TASK TO COMPLETE: Your answer must repeat all of the entries word for word, without any images.

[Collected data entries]

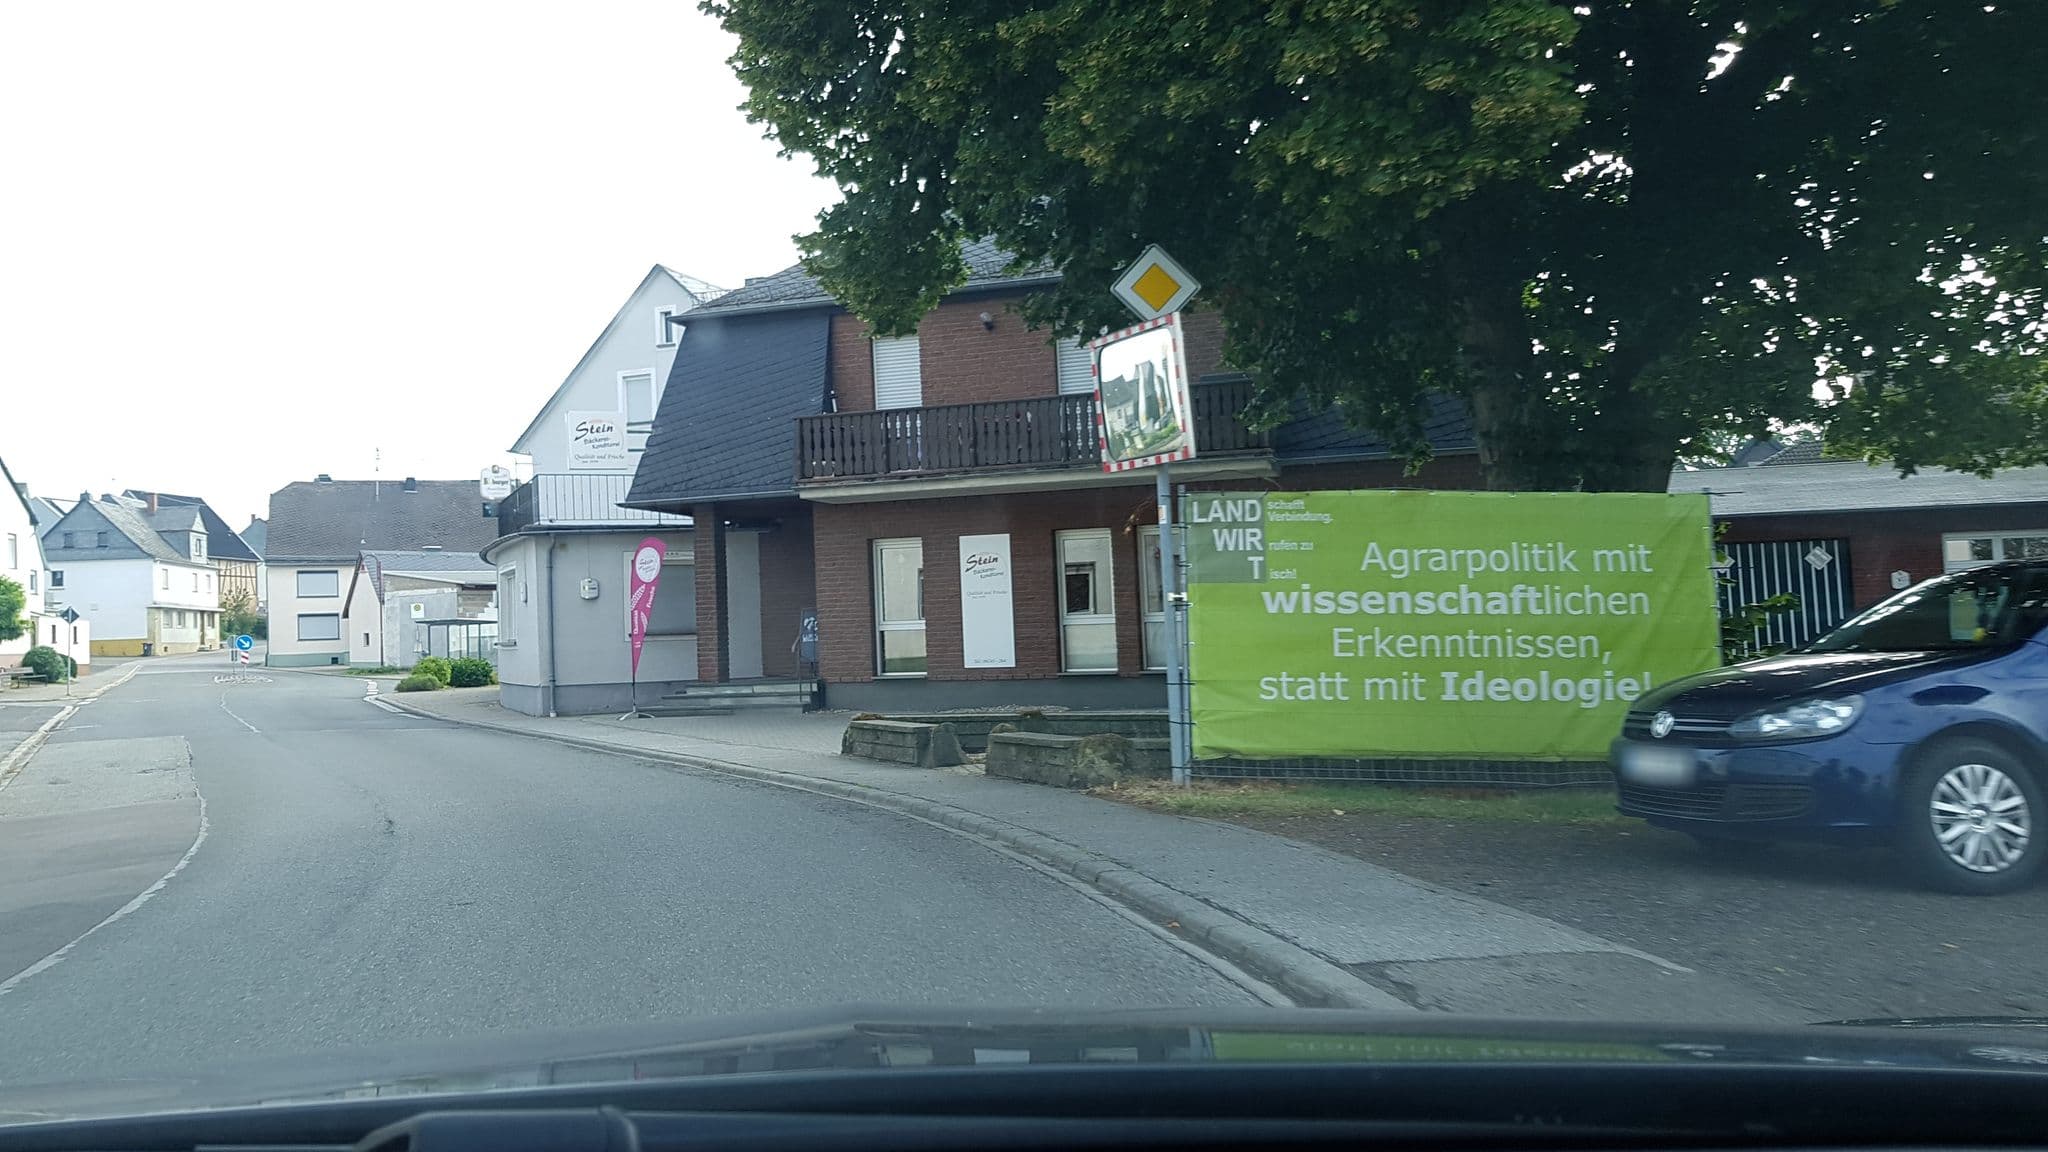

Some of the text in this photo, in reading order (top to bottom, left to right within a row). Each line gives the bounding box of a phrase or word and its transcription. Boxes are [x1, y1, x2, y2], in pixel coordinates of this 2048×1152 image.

[574, 421, 613, 441] Stein
[1192, 499, 1262, 523] LAND
[1212, 528, 1313, 551] WIR rufen zu
[965, 554, 998, 572] Stein
[1247, 556, 1264, 579] T
[1361, 541, 1652, 579] Agrarpolitik mit
[1261, 584, 1650, 615] wissenschaftlichen
[1332, 627, 1612, 664] Erkenntnissen,
[1260, 671, 1651, 708] statt mit Ideologie!
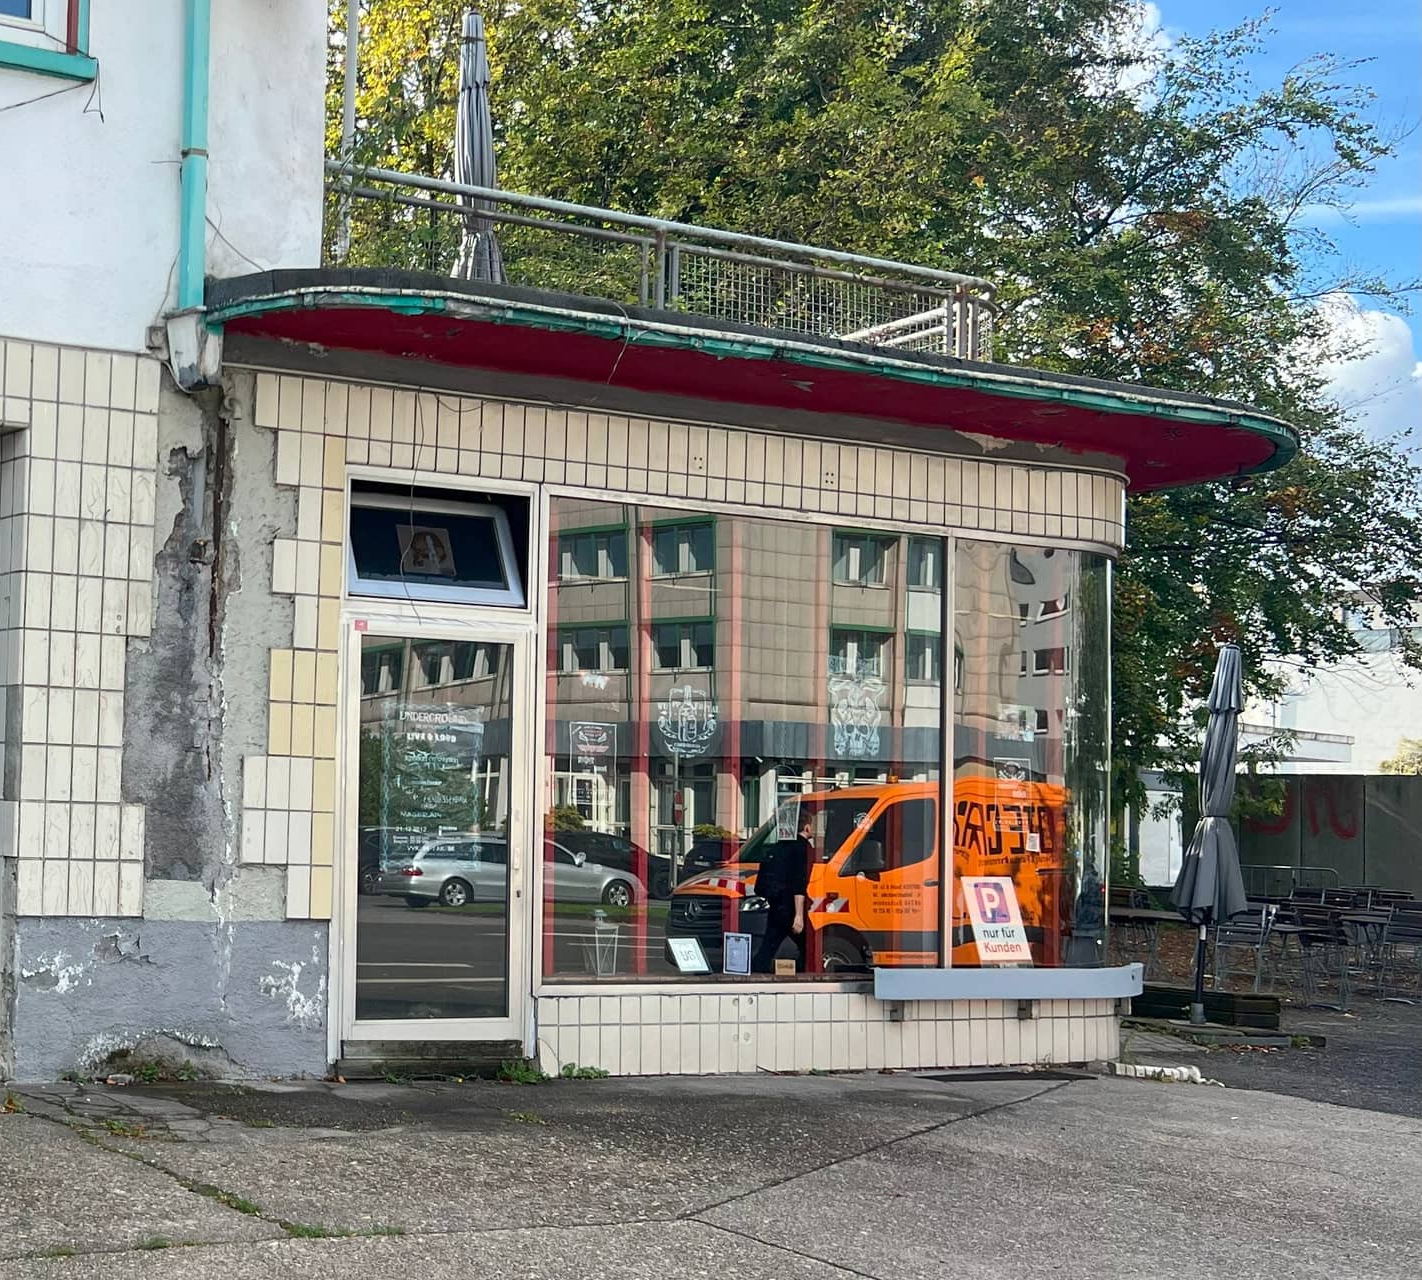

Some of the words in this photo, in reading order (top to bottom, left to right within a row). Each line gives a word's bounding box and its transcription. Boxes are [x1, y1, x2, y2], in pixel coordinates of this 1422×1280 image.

[980, 886, 1000, 918] P
[982, 928, 1000, 939] nur
[1001, 926, 1015, 939] für
[983, 941, 1022, 954] Kunden

WRITTEN ANSWER:
Some of the text in this photo, in reading order (top to bottom, left to right within a row). Each line gives the bounding box of a phrase or word and its transcription. Boxes are [x1, y1, x2, y2], in pixel coordinates of this 2048×1152 image.

[574, 421, 613, 441] Stein
[1192, 499, 1262, 523] LAND
[1212, 528, 1313, 551] WIR rufen zu
[965, 554, 998, 572] Stein
[1247, 556, 1264, 579] T
[1361, 541, 1652, 579] Agrarpolitik mit
[1261, 584, 1650, 615] wissenschaftlichen
[1332, 627, 1612, 664] Erkenntnissen,
[1260, 671, 1651, 708] statt mit Ideologie!

Some of the words in this photo, in reading order (top to bottom, left to right within a row). Each line gives a word's bounding box and its transcription. Boxes are [x1, y1, x2, y2], in pixel coordinates of this 1422×1280 image.

[980, 886, 1000, 918] P
[982, 928, 1000, 939] nur
[1001, 926, 1015, 939] für
[983, 941, 1022, 954] Kunden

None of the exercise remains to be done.